(DATA)
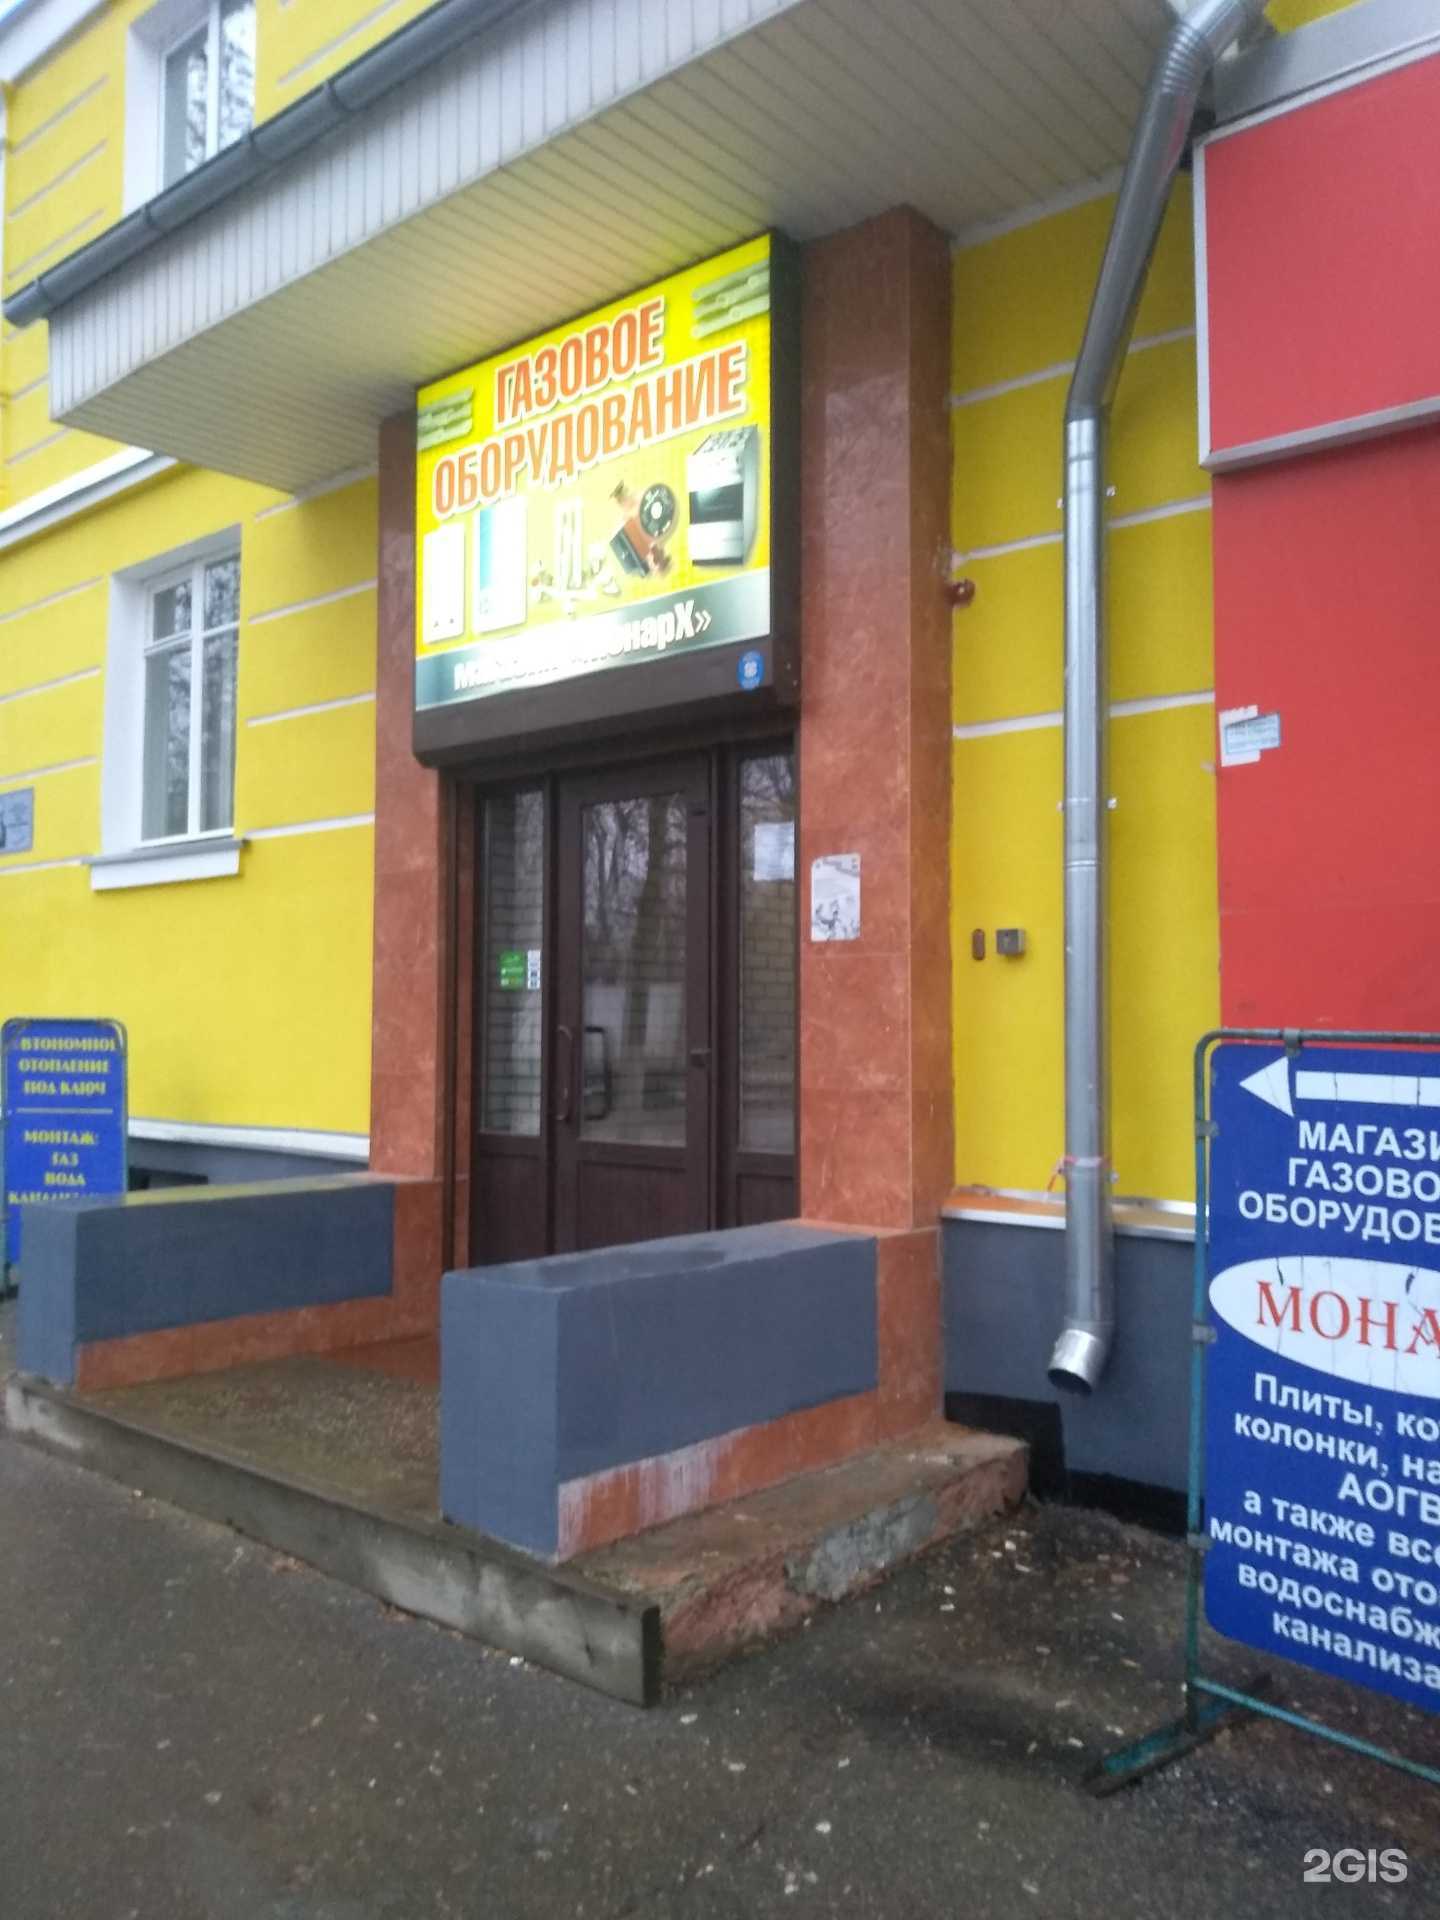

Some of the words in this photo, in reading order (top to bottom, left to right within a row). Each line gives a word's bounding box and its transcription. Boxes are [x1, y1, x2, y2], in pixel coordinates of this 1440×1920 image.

[496, 298, 664, 425] ГАЗОВОЕ
[434, 345, 747, 516] ОБОРУДОВАНИЕ
[1254, 1372, 1384, 1435] Плиты,
[1397, 1411, 1440, 1442] ко
[1234, 1412, 1389, 1478] колонки,
[1243, 1489, 1262, 1516] а
[1271, 1497, 1375, 1548] также
[1338, 1472, 1440, 1526] АОГВ
[1210, 1516, 1359, 1584] монтажа
[1371, 1567, 1440, 1608] ото

(HOW TO COMPLETE THIS TASK)
Repeat the data word for word, minus any pictures.

(TASK OUTPUT)
Some of the words in this photo, in reading order (top to bottom, left to right within a row). Each line gives a word's bounding box and its transcription. Boxes are [x1, y1, x2, y2], in pixel coordinates of this 1440×1920 image.

[496, 298, 664, 425] ГАЗОВОЕ
[434, 345, 747, 516] ОБОРУДОВАНИЕ
[1254, 1372, 1384, 1435] Плиты,
[1397, 1411, 1440, 1442] ко
[1234, 1412, 1389, 1478] колонки,
[1243, 1489, 1262, 1516] а
[1271, 1497, 1375, 1548] также
[1338, 1472, 1440, 1526] АОГВ
[1210, 1516, 1359, 1584] монтажа
[1371, 1567, 1440, 1608] ото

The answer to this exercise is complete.